These authors sough to evaluate the utility of implant sonication in the diagnosis of periprosthetic joint infection in patients undergoing revision shoulder arthroplasty between August 2010 and April 2013. There were 5 patients with 2 cultures, 12 patients with 3 cultures, 9 patients with 4 cultures, 9 patients with 5 cultures, 14 patients with 6 cultures, 3 patients with 7 cultures, and 1 patient with 8 cultures. Preoperative fluid was obtained in 36 of 53 cases, and intraoperative fluid was obtained in 36 of 53 cases. Of the 53 revision cases that underwent implant sonication fluid culture, 25 (47%) were classified as infected. Their results are shown below
They concluded that implant sonication fluid culture in revision shoulder arthroplasty showed no significant benefits over standard intraoperative cultures in diagnostic utility for periprosthetic joint infection.
Conclusion: Sonication has been proposed as a means for removing organisms in the biofilm of retrieved implants. It is an expensive process and at present is without substantial evidence supporting its use. Our practice is to culture retrieved implants by vortexing them in 3 cc of sterile saline and submitted the saline for standard culturing for Propionibacterium and other organisms.
In contrast to their cases from the era presented here, these authors now carefully standardize their culturing protocol for revision shoulder arthroplasty to include the harvest of 5 intraoperative specimens: a synovial fluid sample and four tissue samples with all specimens sent for 14 day anaerobic culture hold.
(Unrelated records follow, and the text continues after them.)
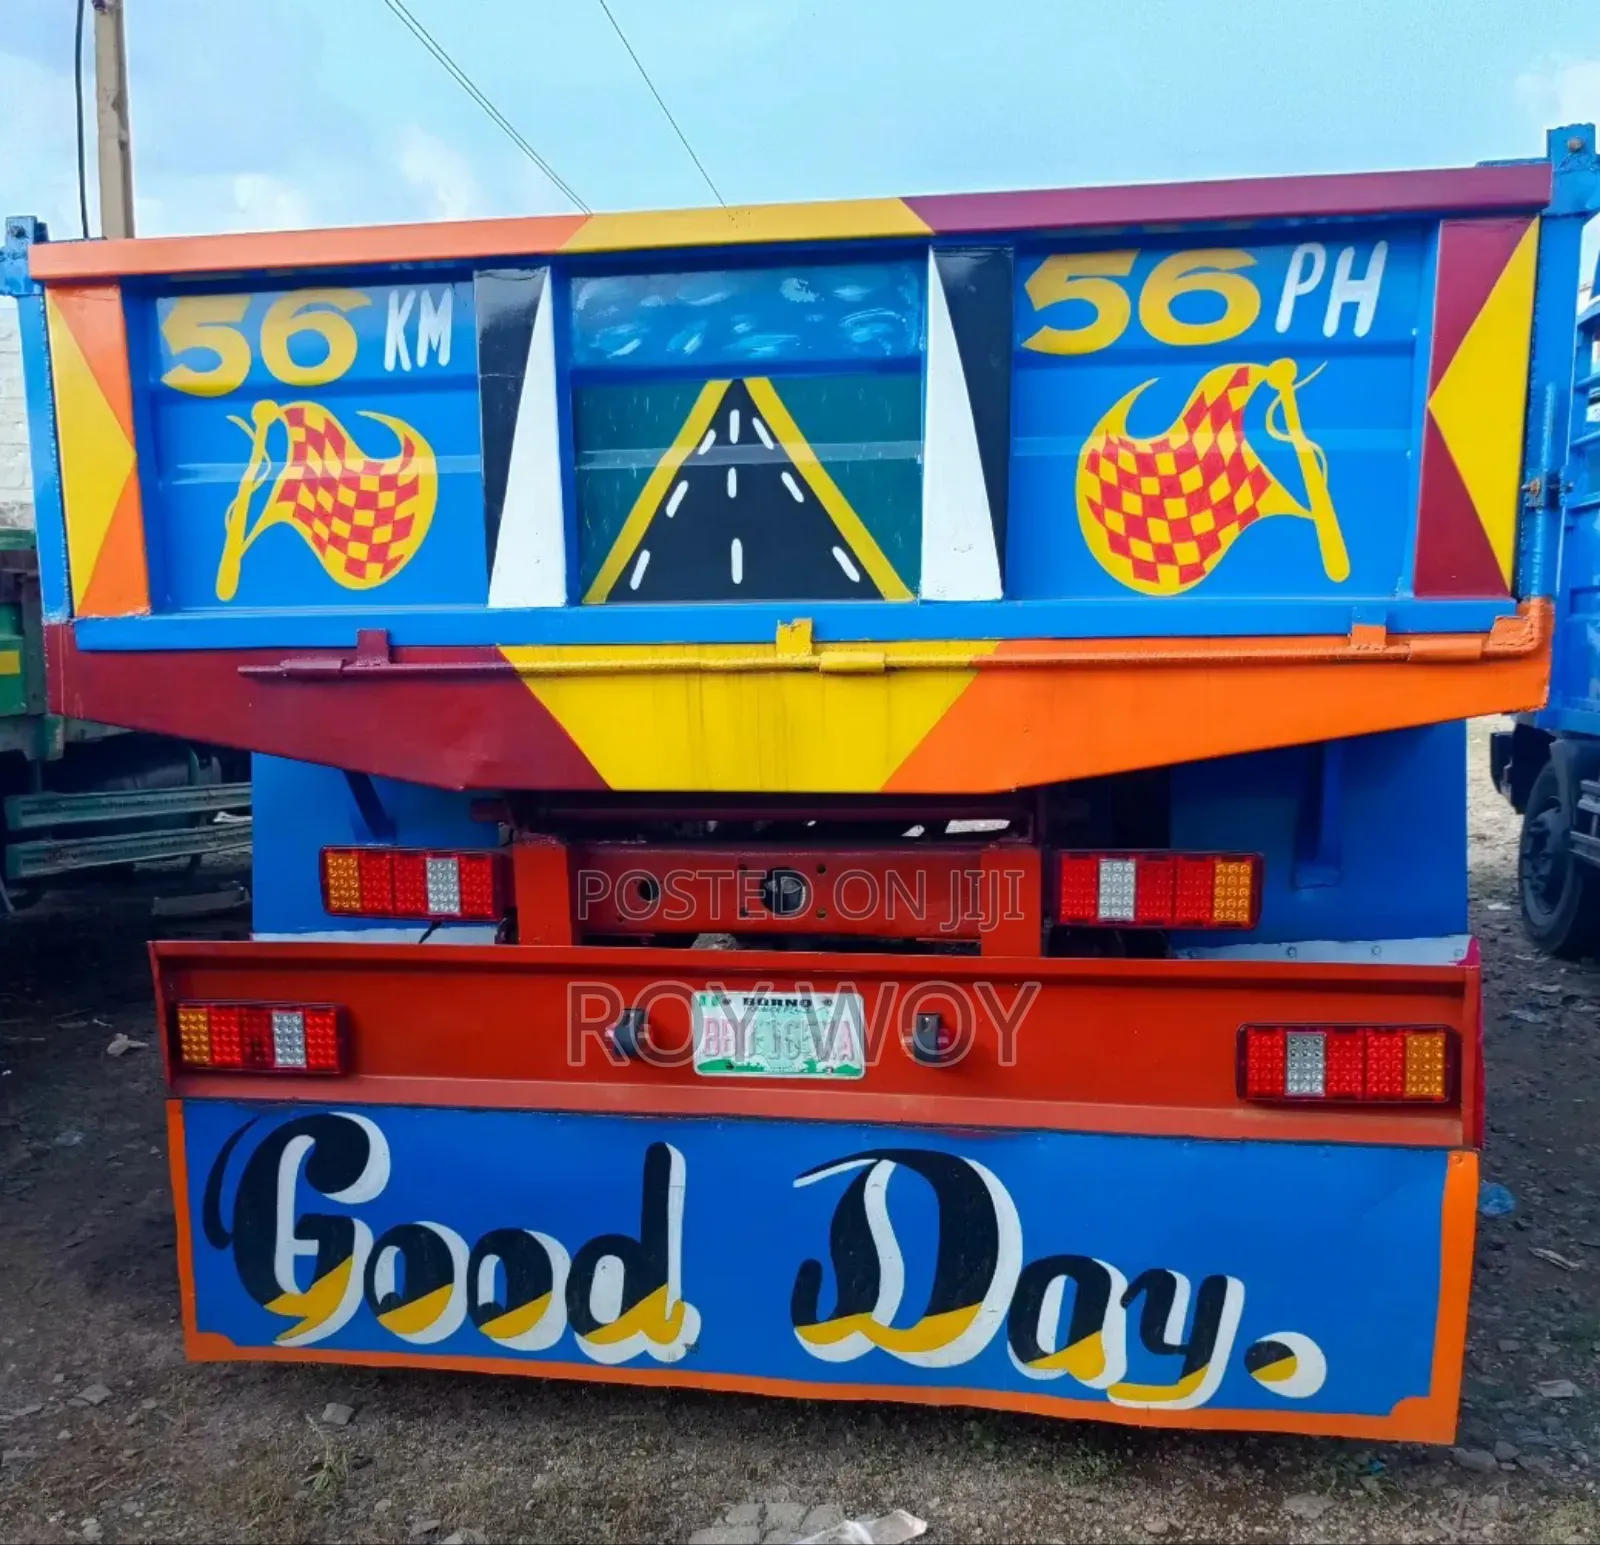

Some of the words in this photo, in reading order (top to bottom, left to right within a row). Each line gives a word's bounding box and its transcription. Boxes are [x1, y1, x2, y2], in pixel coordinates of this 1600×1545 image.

[159, 287, 372, 397] 56
[384, 287, 452, 371] KM
[1021, 247, 1262, 355] 56
[1275, 240, 1389, 337] PH
[202, 1111, 701, 1365] Good
[790, 1148, 1328, 1410] Day.
This degree of standardization is essential for interpreting the culture results.
The topic of sonication is also discussed here:
The authors of Sonication versus Vortexing of Implants for Diagnosis of Prosthetic Joint Infection
compared sanitation (shaking) versus vortexing (stirring) with respect to the biofilm removal efficacy of vortexing alone in 135 removed prostheses, 35 were diagnosed with infection and 100 with aseptic failure. They used two different cutoffs for a positive result: 1 colony forming unit (CFU) or 50 CFU.
Using a cutoff of >50 CFU/ml, sonication showed higher sensitivity than vortexing (60% versus 40%) (p = 0.151), while the specificities remained equal (99%). Using the lower cutoff value (>CFU/ml), the sensitivities of vortexing and sonication fluid were similar (69% to 71%); however, the specificities decreased to 92% to 93%. In the table below PJI were cases they defined as infection and AF were thought to be aseptic failure.
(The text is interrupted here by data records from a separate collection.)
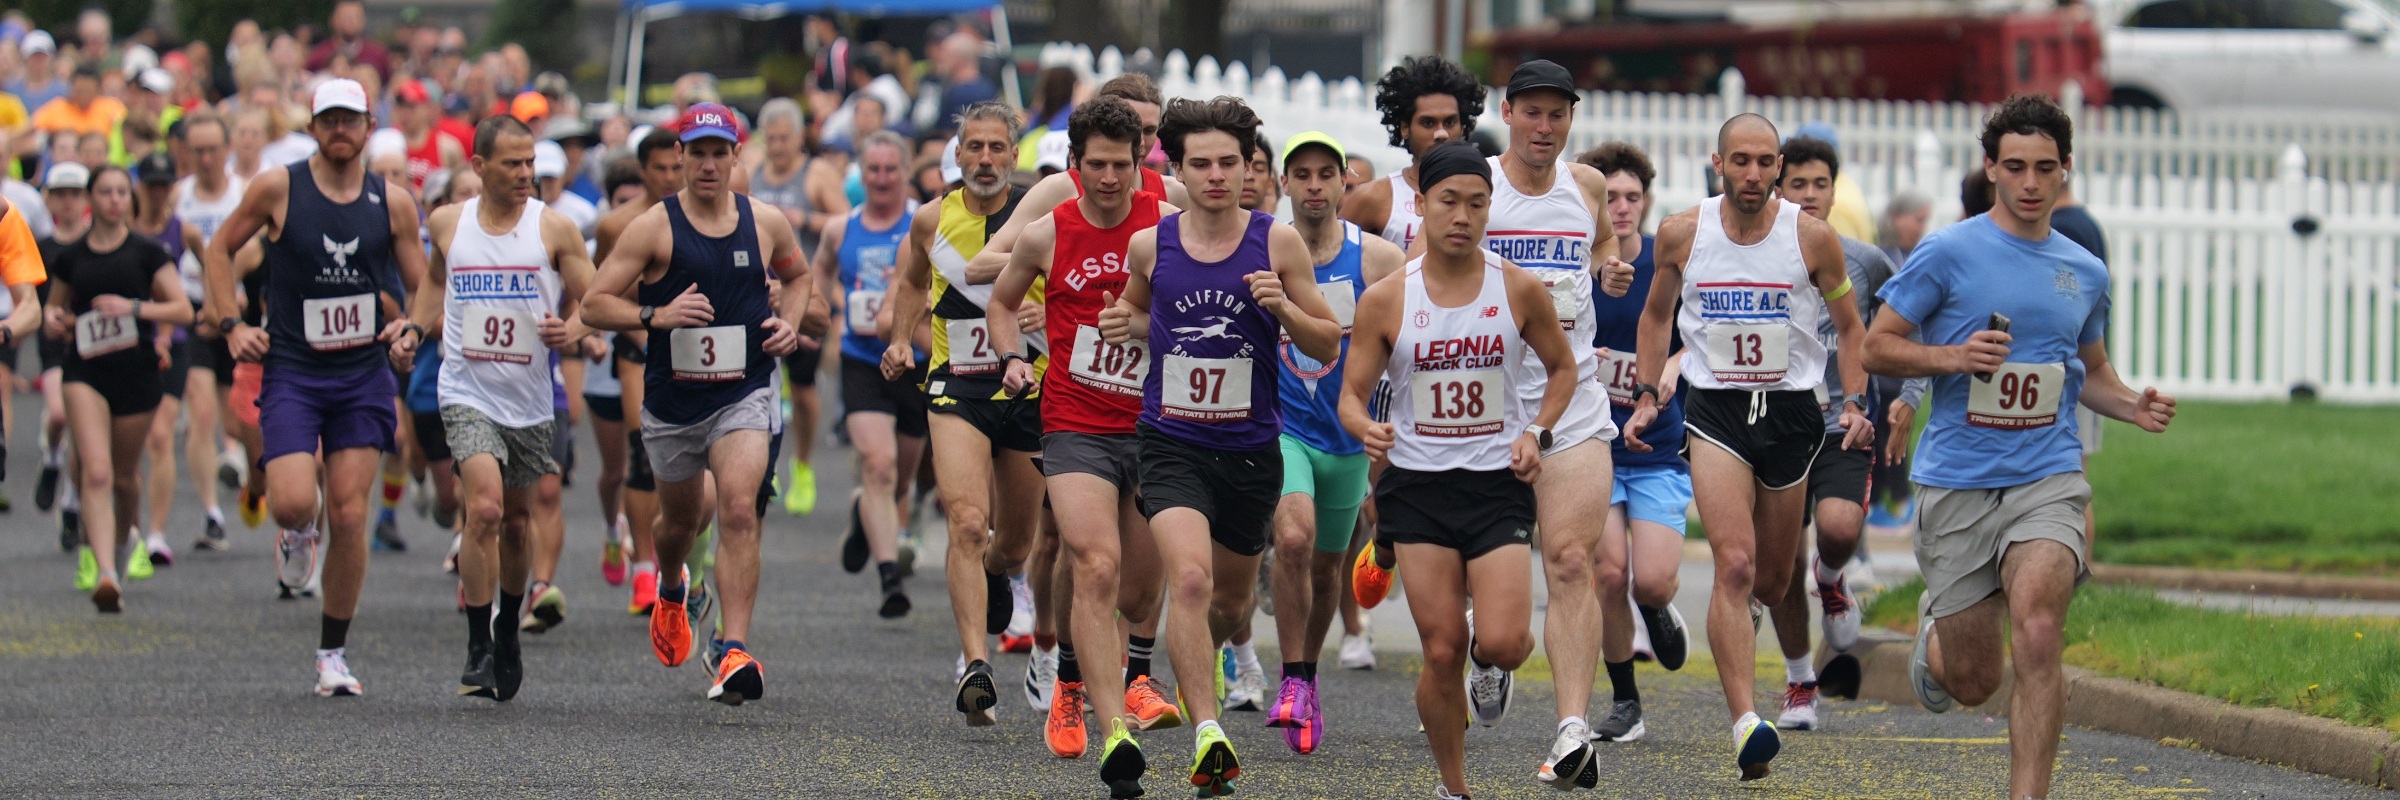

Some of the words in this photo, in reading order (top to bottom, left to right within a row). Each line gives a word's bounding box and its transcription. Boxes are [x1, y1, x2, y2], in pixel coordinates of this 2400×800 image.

[695, 113, 723, 127] USA
[1490, 239, 1548, 260] SHORE
[1552, 239, 1583, 262] A.C.
[315, 275, 367, 286] MARATHON
[322, 266, 359, 277] MESA
[453, 273, 503, 293] SHORE
[509, 273, 538, 293] A.C.
[1175, 289, 1246, 314] CLIFTON
[1700, 291, 1754, 311] SHORE
[1759, 291, 1790, 311] A.C.
[88, 316, 123, 343] 123
[321, 303, 362, 336] 104
[483, 315, 515, 348] 93
[700, 335, 716, 367] 3
[971, 326, 993, 357] 2
[1414, 334, 1505, 363] LEONIA
[1733, 333, 1763, 367] 13
[1088, 339, 1143, 381] 102
[1413, 358, 1461, 373] TRACK
[1465, 356, 1505, 369] CLUB
[1071, 374, 1110, 390] TRISTATE
[1189, 368, 1227, 404] 97
[1610, 360, 1637, 391] 15
[1756, 372, 1785, 380] TIMING
[1431, 380, 1485, 419] 138
[1999, 372, 2040, 410] 96
[1165, 407, 1206, 419] TRISTATE
[1215, 410, 1248, 418] TIMING
[1970, 414, 2016, 426] TRISTATE
[2025, 416, 2054, 426] TIMING
[1418, 425, 1459, 435] TRISTATE
[1468, 423, 1501, 432] TIMING
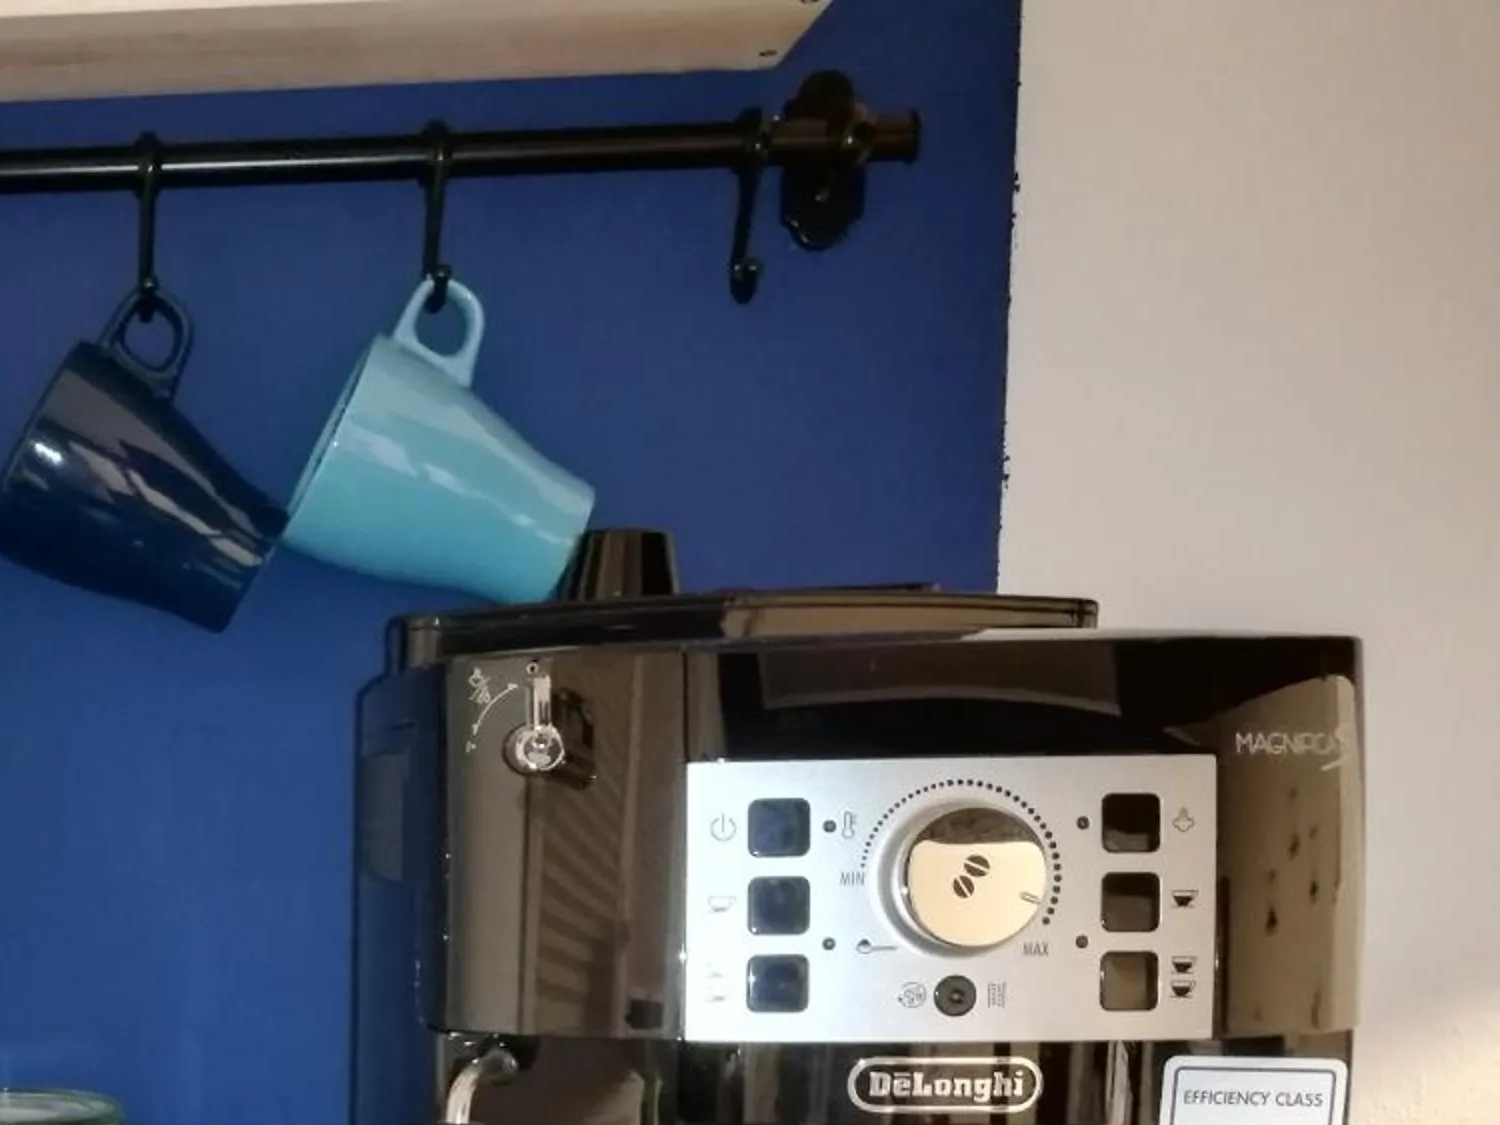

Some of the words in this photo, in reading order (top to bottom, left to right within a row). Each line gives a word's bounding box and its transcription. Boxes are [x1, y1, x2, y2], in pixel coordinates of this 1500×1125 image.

[839, 871, 866, 886] MIN
[1023, 942, 1050, 956] MAX
[1183, 1089, 1270, 1106] EFFICIENCY
[1275, 1091, 1323, 1107] CLASS
compared sanitation (shaking) versus vortexing (stirring) with respect to the biofilm removal efficacy of vortexing alone in 135 removed prostheses, 35 were diagnosed with infection and 100 with aseptic failure. They used two different cutoffs for a positive result: 1 colony forming unit (CFU) or 50 CFU.
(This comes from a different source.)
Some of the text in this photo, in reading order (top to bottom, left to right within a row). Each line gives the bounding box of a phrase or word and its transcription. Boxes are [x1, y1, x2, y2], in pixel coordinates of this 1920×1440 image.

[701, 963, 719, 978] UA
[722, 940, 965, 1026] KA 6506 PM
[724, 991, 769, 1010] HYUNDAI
Using a cutoff of >50 CFU/ml, sonication showed higher sensitivity than vortexing (60% versus 40%) (p = 0.151), while the specificities remained equal (99%). Using the lower cutoff value (>CFU/ml), the sensitivities of vortexing and sonication fluid were similar (69% to 71%); however, the specificities decreased to 92% to 93%. In the table below PJI were cases they defined as infection and AF were thought to be aseptic failure.
It is of note that only two of these cases involved the shoulder and only 5 of the recovered organisms were Propionibacterium.
Comment: These authors provide a nice commentary on their work : "Interestingly, vortexing alone demonstrated acceptable sensitivity and specificity, especially in acute PJI, and may be used for the diagnosis of PJI in laboratories where sonication is not available. In addition, vortexing fluid represents a single clinical sample, with such analyses reaching sensitivity comparable to that of analyses using multiple periprosthetic tissue cultures (∼70%). Furthermore, sonication may kill bacteria, especially Gram-negative bacilli and anaerobes, whereas vortexing has not been shown to be harmful to bacteria. In addition, vortexing is an easy and simple procedure which can be performed in most laboratories without additional costs. Despite vortexing having originally been introduced as a preparatory step before sonication to generate microbubbles, which increase the cavitation effect, it seems to be a powerful removal method. High shear forces generated on the interface between the prosthesis and the vortexing fluid may explain the biofilm removal effect. These shear forces could be increased by a pulsatile change of the fluid movement direction (as used in Stomacher analysis). The removal efficiency may be also increased by addition of detergents (e.g., polysorbate 80) or anticoagulants (e.g., EDTA) to the vortexing fluid. Another possibility is the addition of beads to vortexing fluid, as is used for processing tissue samples in a bead mill. However, the contamination risk, increased workload, and costs need to be considered"
Our laboratory has determined that the potential incremental benefit of sonication does not offset the incremental cost and time.